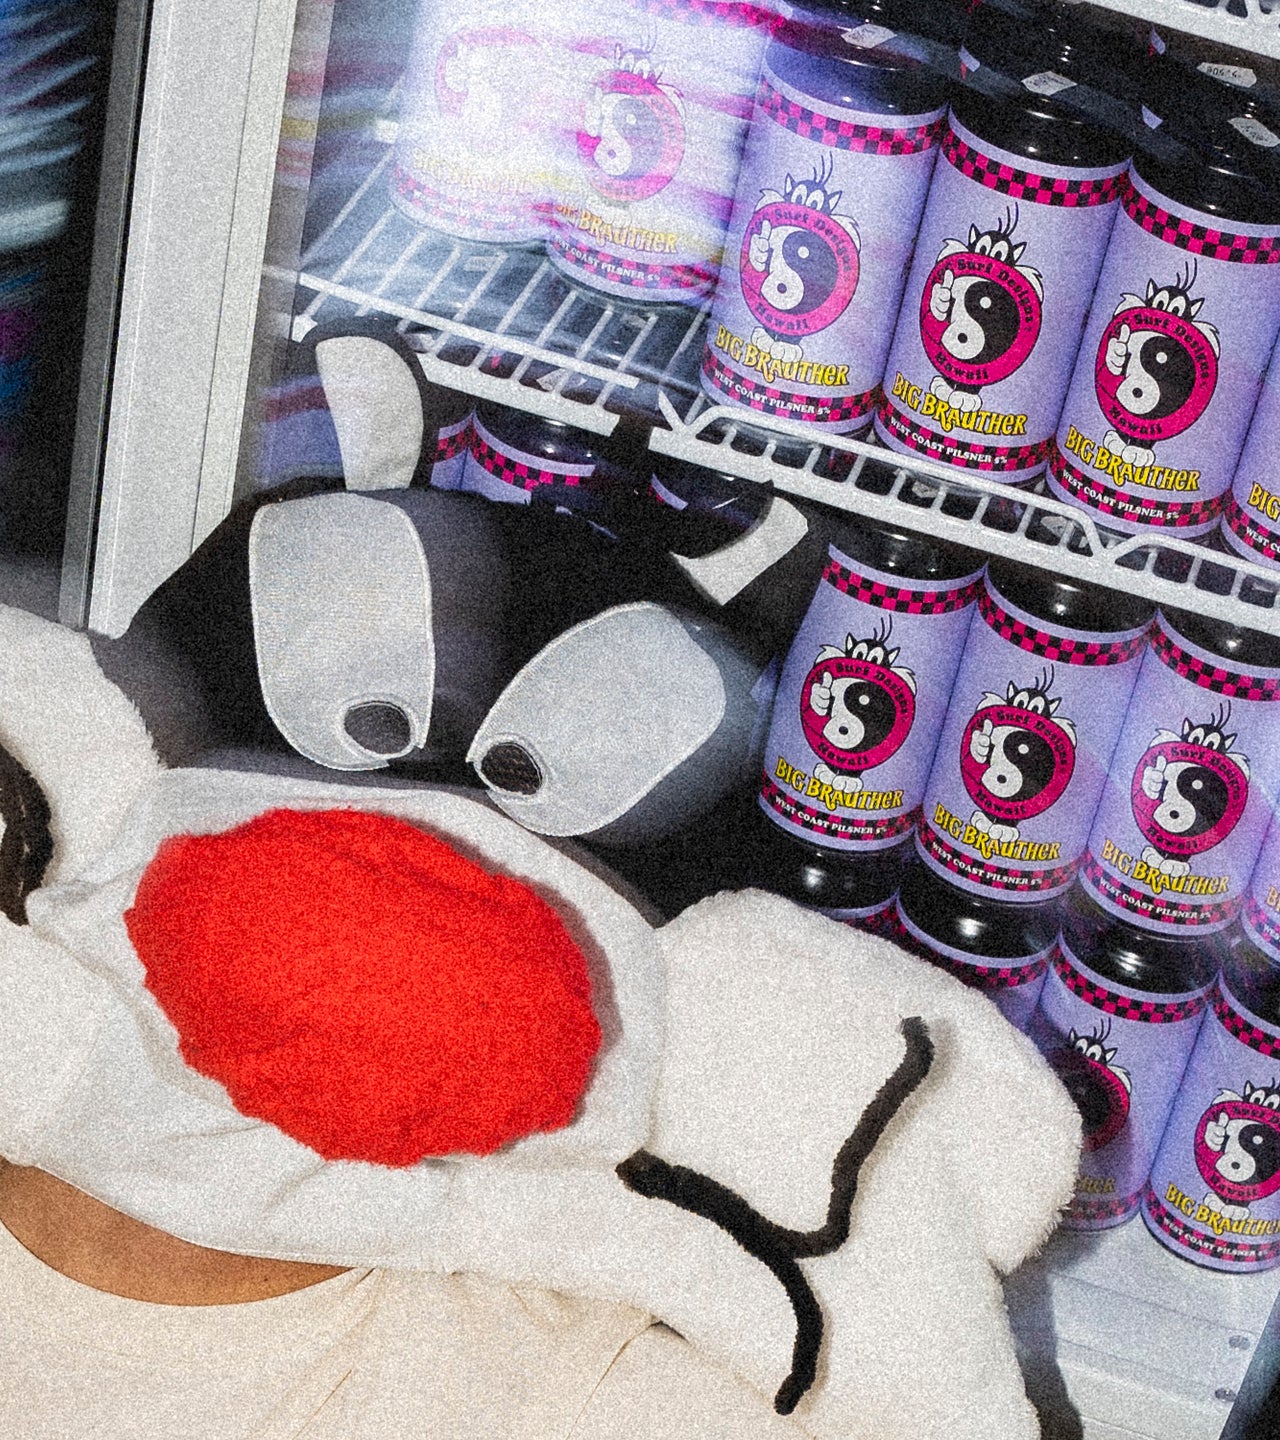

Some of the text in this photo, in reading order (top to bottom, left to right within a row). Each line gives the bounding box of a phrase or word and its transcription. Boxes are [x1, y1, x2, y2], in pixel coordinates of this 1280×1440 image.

[1133, 311, 1170, 329] Surf
[713, 324, 851, 387] BIG BRAUTHER
[934, 349, 990, 381] Hawaii
[891, 371, 1029, 437] BIG BRAUTHER
[1108, 404, 1164, 435] Hawaii
[889, 415, 912, 438] WEST
[911, 431, 945, 454] COAST
[945, 443, 993, 465] PILSNER
[1063, 422, 1202, 493] BIG BRAUTHER
[1061, 468, 1084, 491] WEST
[1083, 484, 1117, 507] COAST
[1116, 498, 1164, 519] PILSNER
[1244, 526, 1269, 549] WEST
[775, 754, 904, 812] BIG BRAUTHER
[796, 809, 830, 829] COAST
[933, 800, 1061, 862] BIG BRAUTHER
[952, 856, 985, 877] COAST
[1101, 835, 1230, 896] BIG BRAUTHER
[1164, 1181, 1196, 1217] BIG
____
YOUR TASK: Could you repeat each line above exactly as written? Omit the pictures.

SOLUTION TO THE EXERCISE:
Some of the text in this photo, in reading order (top to bottom, left to right within a row). Each line gives the bounding box of a phrase or word and its transcription. Boxes are [x1, y1, x2, y2], in pixel coordinates of this 1280×1440 image.

[1133, 311, 1170, 329] Surf
[713, 324, 851, 387] BIG BRAUTHER
[934, 349, 990, 381] Hawaii
[891, 371, 1029, 437] BIG BRAUTHER
[1108, 404, 1164, 435] Hawaii
[889, 415, 912, 438] WEST
[911, 431, 945, 454] COAST
[945, 443, 993, 465] PILSNER
[1063, 422, 1202, 493] BIG BRAUTHER
[1061, 468, 1084, 491] WEST
[1083, 484, 1117, 507] COAST
[1116, 498, 1164, 519] PILSNER
[1244, 526, 1269, 549] WEST
[775, 754, 904, 812] BIG BRAUTHER
[796, 809, 830, 829] COAST
[933, 800, 1061, 862] BIG BRAUTHER
[952, 856, 985, 877] COAST
[1101, 835, 1230, 896] BIG BRAUTHER
[1164, 1181, 1196, 1217] BIG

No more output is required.